Ausschnitte aus hck: "Philosophie der Renaissance": Teil 1
Mein Einführungsband zur Geschichte der Philosophie der Renaissance (cf. http://www.phil-hum-ren.uni-muenchen.de/W4RF/YaBB.pl?num=1406550834 ) ist nun seit etwas mehr als einem Jahr auf dem Markt. Für diejenigen die sich dafür interessieren, den Band aber noch nicht kennen, habe ich vor ab jetzt in den folgenden Tagen/Wochen jeweils Auschnitte (normalerweise: Anfang und Schluss) der einzenen Kapitel hier zu posten (nicht in der gedruckten Version, sondern in einer Textversion die relativ nahe an der "elektronischen Langversion des Autors" ist.

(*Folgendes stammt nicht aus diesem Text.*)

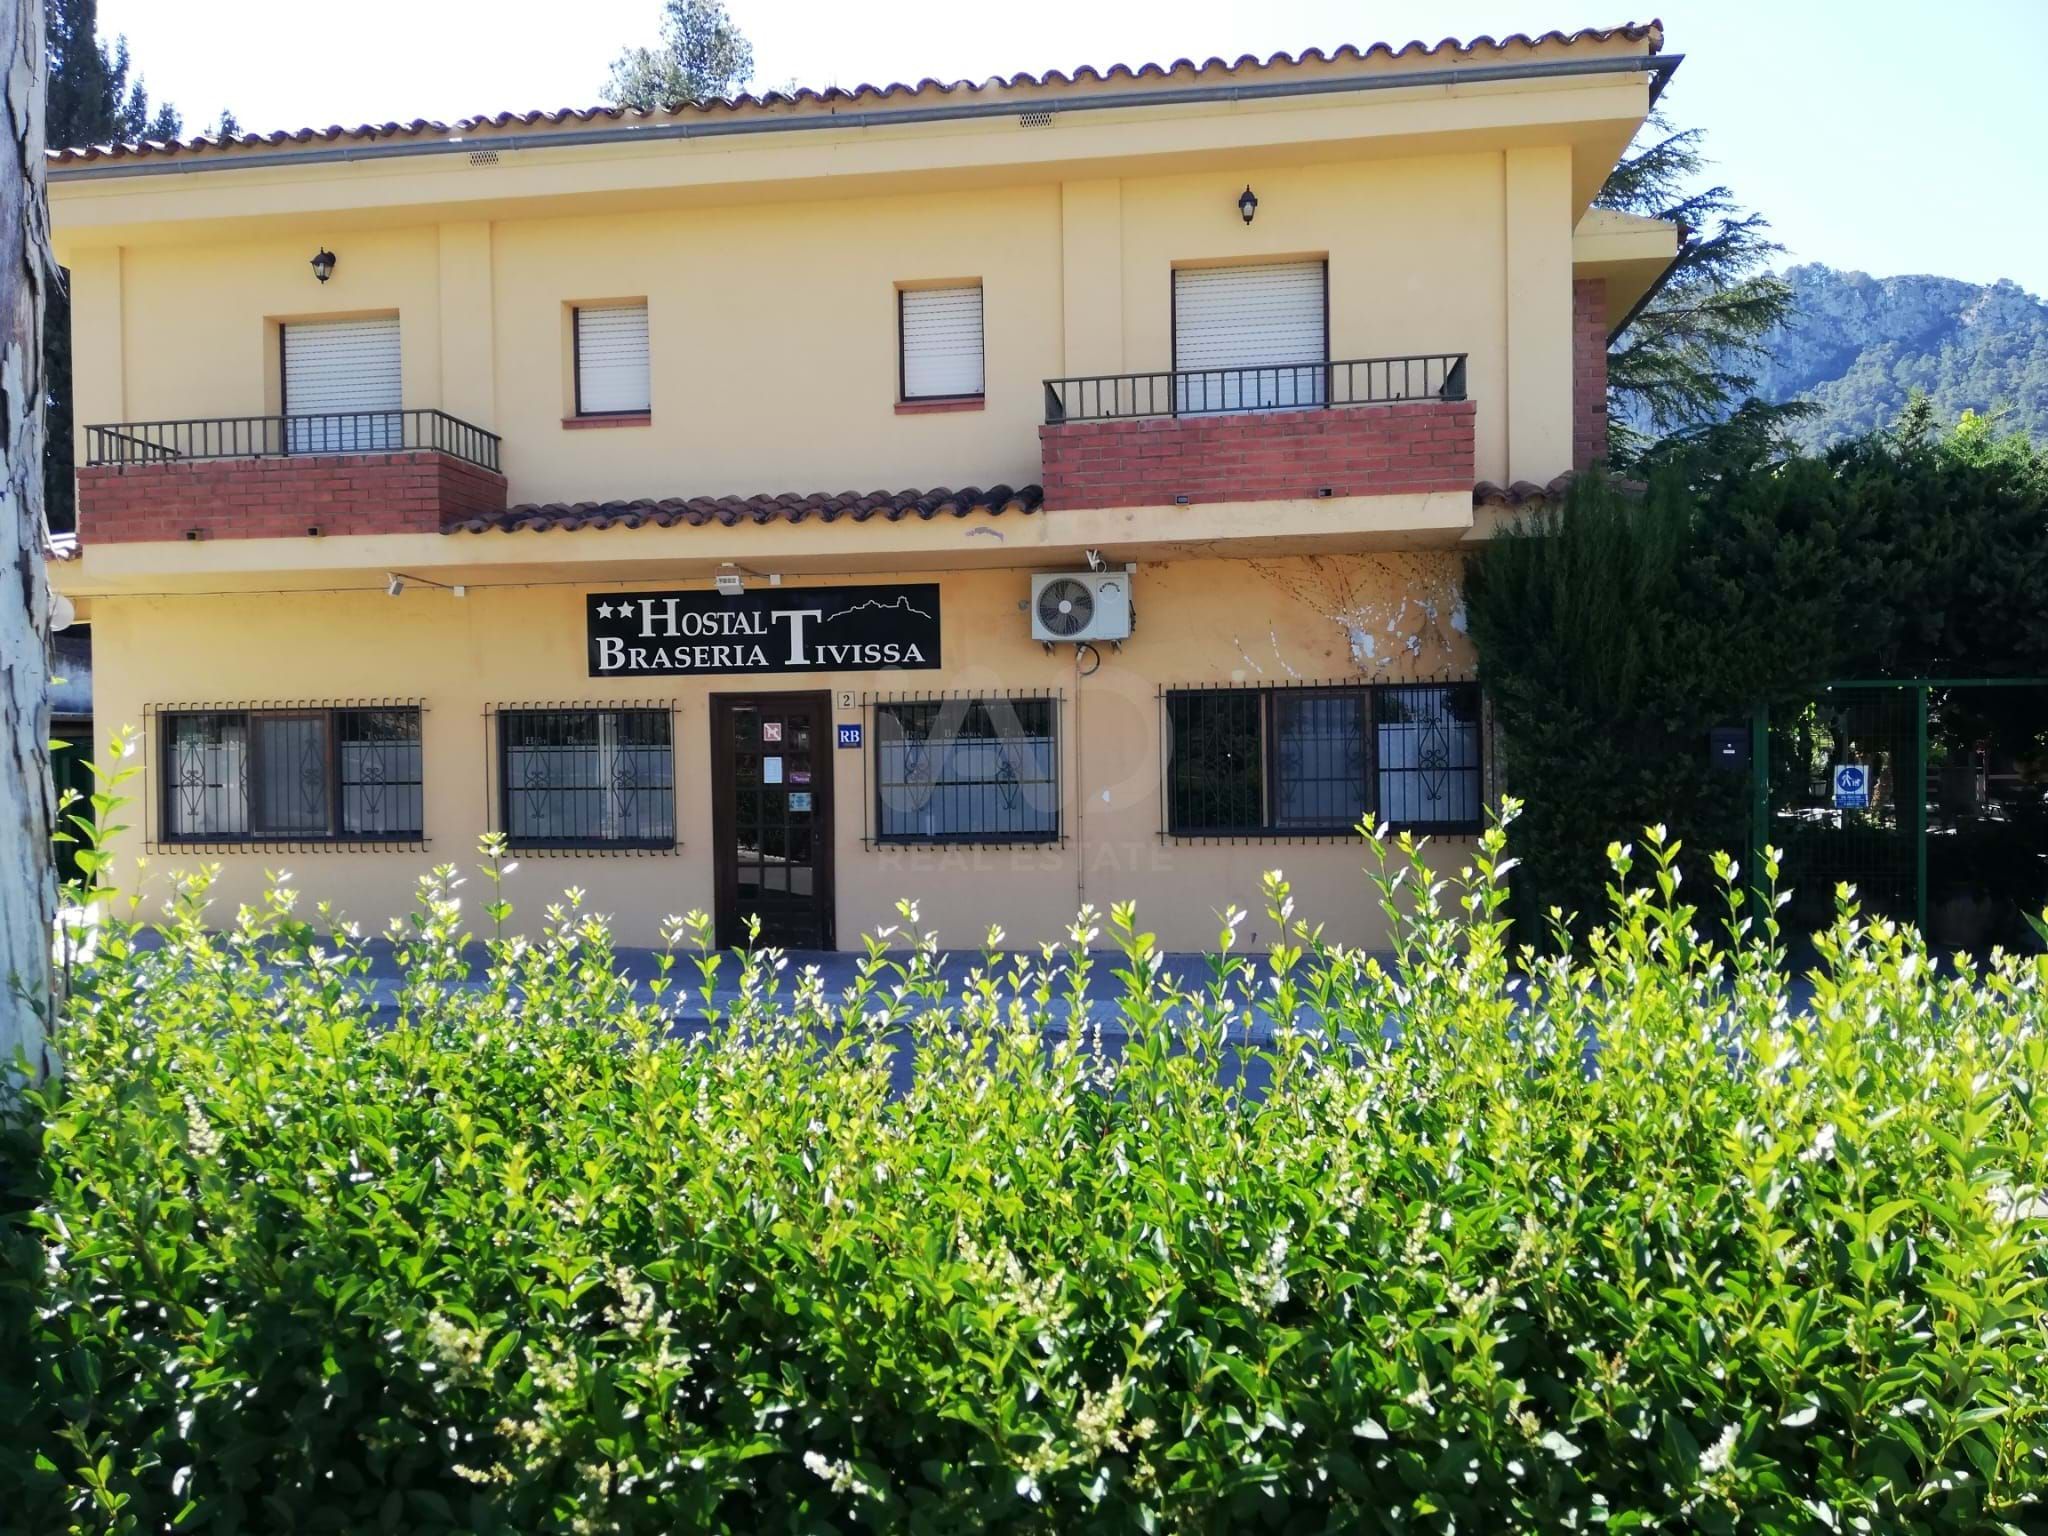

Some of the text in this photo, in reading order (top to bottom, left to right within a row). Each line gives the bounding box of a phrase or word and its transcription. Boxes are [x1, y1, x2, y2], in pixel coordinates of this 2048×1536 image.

[637, 598, 768, 638] HOSTAL
[595, 609, 926, 670] BRASERIA TIVISSA
[843, 694, 851, 707] 2
[840, 730, 860, 743] RB

Ja, ich bin mir darüber im Klaren, dass einiges was das steht und stehen wird bereits zum Zeitpunkt der Veröffentlichung etwas veraltet war, und dass manches inzwischen noch veralteter ist. Aber für eine Aktualisierung ist die Zeit noch nicht gekommen; ich vermute dass es bis zur Vorbereitung einer Neuauflage noch etwas dauern wird. Und zwischendurch beschäftige ich mich miit dem Projekt "Tiergeschichten".
Anyway: los gehts:
"
Gewidmet (mit herzlichem Dank)
den sehr zahlreichen Studierenden der Jahre 2007 bis 2013 ohne deren Fragen,
Einwände, Beiträge das was folgt sehr viel schlechter wäre als es ist.
Der vorliegende Band
unterscheidet sich in vielem von den anderen Epochen der Philosophiehistorie
gewidmeten Bänden der Reihe Grundkurs
Philosophie.[1]
Auf den ersten Blick bereits in der Länge des Vorworts. Dies nicht ohne Gründe
in der Sache - wie es auch nicht ohne sachliche Gründe ist, dass dieser Band
erst zu einem Zeitpunkt erstmals erscheint, zu dem die anderen entsprechenden
Bände bereits in 2. bis 4. Auflage vorliegen. Denn der Versuch für diese Reihe - oder auch sonst -
eine Einführung in die Philosophie der Renaissance zu schreiben, sieht sich
spezifischen Problemen gegenüber.
Eines der
Hauptprobleme jeglichen Überblicks über die Philosophie und Geistesgeschichte
der Renaissance - die Frage nach dem zeitlichen Anfang und Ende - stellt sich
aufgrund des Inhalts der beiden "flankierenden" Bände durchaus nicht
in voller Schärfe (Cusanus und Franciscus Suarez sind im Band Mittelalter behandelt, Descartes und Francis Bacon im Band Philosophie des 17. und 18. Jahrhunderts).[2]
Auch potentieller
inhaltlicher Dissens in bezug auf einige Detail-Aussagen in den bereits
vorliegenden Bänden ist durchaus keine Hürde - denn wo kein Dissens mehr ist,
da wird Wissenschaft langweilig.
Und auch dass sich "Philosophisches" an und in Texten der
Renaissance nicht in scharfer Trennung von anderen Wissenschaften behandeln
lässt, ist
hinreichend unproblematisch: trifft dieses doch auch (zumindest in Beziehung
zur Theologie) auf vieles an und in den Texten des Mittelalters und des 17./18.
Jahrhunderts zu.
Und: So sinnvoll und
wichtig eine Grundsatzdiskussion dazu, was Philosophiehistorie leisten könne und solle, auch sein mag: Es lässt sich hier
darauf verzichten. Die
anderen Bände liegen vor, und hier nun auch der der Renaissance gewidmete, und
Philosophiehistorie leistet jeweils das, was sie leistet … .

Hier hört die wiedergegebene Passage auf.